May 23, 2003


Baghdad – Throughout the 13 years of UN sanctions on Iraq that were ended yesterday, Iraqi doctors told the world that the sanctions were the sole cause for the rocketing mortality rate among Iraqi children.

“It is one of the results of the embargo,” Dr. Ghassam Rashid Al-Baya told Newsday on May 9, 2001, at Baghdad’s Ibn Al-Baladi hospital, just after a dehydrated baby named Ali Hussein died on his treatment table. “This is a crime on Iraq.”

It was a scene repeated in hundreds of newspaper articles by reporters required to be escorted by minders from Saddam Hussein’s Ministry of Information.

Now free to speak, the doctors at two Baghdad hospitals, including Ibn Al-Baladi, tell a very different story. Along with parents of dead children, they said in interviews this week that Hussein turned the children’s deaths into propaganda, notably by forcing hospitals to save babies’ corpses to have them publicly paraded.
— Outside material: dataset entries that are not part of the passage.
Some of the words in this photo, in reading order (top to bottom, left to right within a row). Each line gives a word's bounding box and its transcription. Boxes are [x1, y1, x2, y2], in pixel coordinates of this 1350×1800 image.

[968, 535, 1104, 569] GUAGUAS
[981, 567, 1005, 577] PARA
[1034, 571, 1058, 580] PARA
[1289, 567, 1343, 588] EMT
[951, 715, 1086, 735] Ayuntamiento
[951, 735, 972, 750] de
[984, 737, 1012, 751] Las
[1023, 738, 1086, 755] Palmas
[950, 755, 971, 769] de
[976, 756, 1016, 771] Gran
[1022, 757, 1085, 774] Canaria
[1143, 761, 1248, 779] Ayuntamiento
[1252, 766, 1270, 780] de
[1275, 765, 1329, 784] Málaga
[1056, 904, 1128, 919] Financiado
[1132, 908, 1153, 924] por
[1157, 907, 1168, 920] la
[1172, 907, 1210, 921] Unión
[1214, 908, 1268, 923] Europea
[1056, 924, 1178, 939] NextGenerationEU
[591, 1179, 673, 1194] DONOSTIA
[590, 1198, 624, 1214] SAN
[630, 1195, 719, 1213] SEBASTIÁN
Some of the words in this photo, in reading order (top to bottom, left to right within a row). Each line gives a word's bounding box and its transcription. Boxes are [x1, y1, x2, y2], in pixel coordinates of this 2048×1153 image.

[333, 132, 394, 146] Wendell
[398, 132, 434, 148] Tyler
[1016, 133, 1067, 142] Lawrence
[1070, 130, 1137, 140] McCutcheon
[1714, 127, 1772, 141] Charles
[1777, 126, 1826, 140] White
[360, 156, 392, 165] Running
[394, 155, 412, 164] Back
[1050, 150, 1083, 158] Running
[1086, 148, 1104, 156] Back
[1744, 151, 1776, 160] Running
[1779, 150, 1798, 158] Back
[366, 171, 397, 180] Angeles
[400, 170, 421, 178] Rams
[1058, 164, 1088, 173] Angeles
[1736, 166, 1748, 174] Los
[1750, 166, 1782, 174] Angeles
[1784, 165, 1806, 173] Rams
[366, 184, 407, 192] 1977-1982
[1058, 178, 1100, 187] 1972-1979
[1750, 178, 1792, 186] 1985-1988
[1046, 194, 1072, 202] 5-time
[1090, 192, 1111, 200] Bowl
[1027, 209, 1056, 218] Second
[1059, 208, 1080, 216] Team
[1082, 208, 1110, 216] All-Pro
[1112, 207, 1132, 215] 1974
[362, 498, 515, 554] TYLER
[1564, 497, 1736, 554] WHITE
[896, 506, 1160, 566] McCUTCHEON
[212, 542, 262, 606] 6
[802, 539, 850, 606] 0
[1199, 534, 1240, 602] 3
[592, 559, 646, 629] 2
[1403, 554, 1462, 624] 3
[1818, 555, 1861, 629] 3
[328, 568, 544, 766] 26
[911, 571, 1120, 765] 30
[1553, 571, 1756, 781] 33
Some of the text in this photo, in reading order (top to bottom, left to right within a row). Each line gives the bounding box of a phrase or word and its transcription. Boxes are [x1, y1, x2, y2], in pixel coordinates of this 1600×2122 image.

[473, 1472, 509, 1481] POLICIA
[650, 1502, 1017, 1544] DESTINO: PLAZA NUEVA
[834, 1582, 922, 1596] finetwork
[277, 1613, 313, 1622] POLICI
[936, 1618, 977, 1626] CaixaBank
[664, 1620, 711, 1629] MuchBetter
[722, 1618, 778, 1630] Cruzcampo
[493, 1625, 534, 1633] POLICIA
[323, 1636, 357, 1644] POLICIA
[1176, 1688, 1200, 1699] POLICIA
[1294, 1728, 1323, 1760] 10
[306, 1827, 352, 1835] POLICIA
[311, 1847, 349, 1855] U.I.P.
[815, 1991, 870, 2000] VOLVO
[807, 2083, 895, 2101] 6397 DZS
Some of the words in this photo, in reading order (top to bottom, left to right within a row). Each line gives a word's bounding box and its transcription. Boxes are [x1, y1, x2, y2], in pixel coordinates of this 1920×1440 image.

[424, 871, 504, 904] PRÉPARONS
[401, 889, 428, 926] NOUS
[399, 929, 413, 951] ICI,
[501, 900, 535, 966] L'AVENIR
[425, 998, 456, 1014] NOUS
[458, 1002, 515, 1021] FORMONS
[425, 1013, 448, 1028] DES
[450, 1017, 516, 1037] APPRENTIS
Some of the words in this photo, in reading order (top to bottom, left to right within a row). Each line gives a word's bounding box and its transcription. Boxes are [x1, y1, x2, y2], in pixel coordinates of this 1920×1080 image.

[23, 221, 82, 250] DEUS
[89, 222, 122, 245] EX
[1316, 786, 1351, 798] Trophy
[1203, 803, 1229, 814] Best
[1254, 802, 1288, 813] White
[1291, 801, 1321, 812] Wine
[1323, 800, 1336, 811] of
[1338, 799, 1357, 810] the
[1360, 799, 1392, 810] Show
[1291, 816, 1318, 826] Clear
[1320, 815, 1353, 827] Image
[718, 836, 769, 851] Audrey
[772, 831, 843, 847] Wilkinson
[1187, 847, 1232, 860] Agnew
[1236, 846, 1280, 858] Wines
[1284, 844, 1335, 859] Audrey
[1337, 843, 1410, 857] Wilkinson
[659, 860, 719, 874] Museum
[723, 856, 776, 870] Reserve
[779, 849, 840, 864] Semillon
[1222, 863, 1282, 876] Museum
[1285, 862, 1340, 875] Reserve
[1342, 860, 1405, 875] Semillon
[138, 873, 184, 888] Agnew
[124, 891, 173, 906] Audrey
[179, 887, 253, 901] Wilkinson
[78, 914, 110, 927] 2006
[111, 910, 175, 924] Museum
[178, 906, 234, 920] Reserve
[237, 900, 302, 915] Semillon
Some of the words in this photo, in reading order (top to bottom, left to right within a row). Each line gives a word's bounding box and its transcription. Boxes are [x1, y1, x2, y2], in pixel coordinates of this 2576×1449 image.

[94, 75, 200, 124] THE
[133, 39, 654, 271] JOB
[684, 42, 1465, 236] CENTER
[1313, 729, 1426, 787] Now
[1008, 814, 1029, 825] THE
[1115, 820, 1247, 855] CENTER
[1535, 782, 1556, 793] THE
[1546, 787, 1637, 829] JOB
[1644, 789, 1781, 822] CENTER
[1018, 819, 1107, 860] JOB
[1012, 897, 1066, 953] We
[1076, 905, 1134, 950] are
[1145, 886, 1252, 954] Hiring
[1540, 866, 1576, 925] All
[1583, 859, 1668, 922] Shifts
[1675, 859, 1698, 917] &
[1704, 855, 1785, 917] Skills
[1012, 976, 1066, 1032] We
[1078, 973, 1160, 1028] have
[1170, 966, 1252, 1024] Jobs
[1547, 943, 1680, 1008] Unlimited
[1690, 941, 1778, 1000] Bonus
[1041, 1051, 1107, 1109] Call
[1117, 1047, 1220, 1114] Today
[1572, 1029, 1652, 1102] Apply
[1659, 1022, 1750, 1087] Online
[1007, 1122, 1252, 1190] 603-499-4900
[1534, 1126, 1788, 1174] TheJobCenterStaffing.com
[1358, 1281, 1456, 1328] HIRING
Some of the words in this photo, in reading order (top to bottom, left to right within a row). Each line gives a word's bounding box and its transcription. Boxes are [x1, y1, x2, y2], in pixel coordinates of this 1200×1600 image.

I’m waiting for the apologies and retractions from all those who accused the United States of murder-by-sanctions.

UPDATE: Reader Linda Jones emails:

It will be interesting to see if Saddam and the Baath party come in for criticism from the Muslim world over their refusal to allow these babies to be buried according to Muslim strictures. Where is the Muslim outrage over this?

“Muslim outrage” seems to appear only when convenient. I should note that it’s not at all unlikely that sanctions did lead indirectly to some deaths — particularly as Saddam was diverting the oil-for-food money to palaces and weapons. But, given that diversion, it’s pretty damned indirect.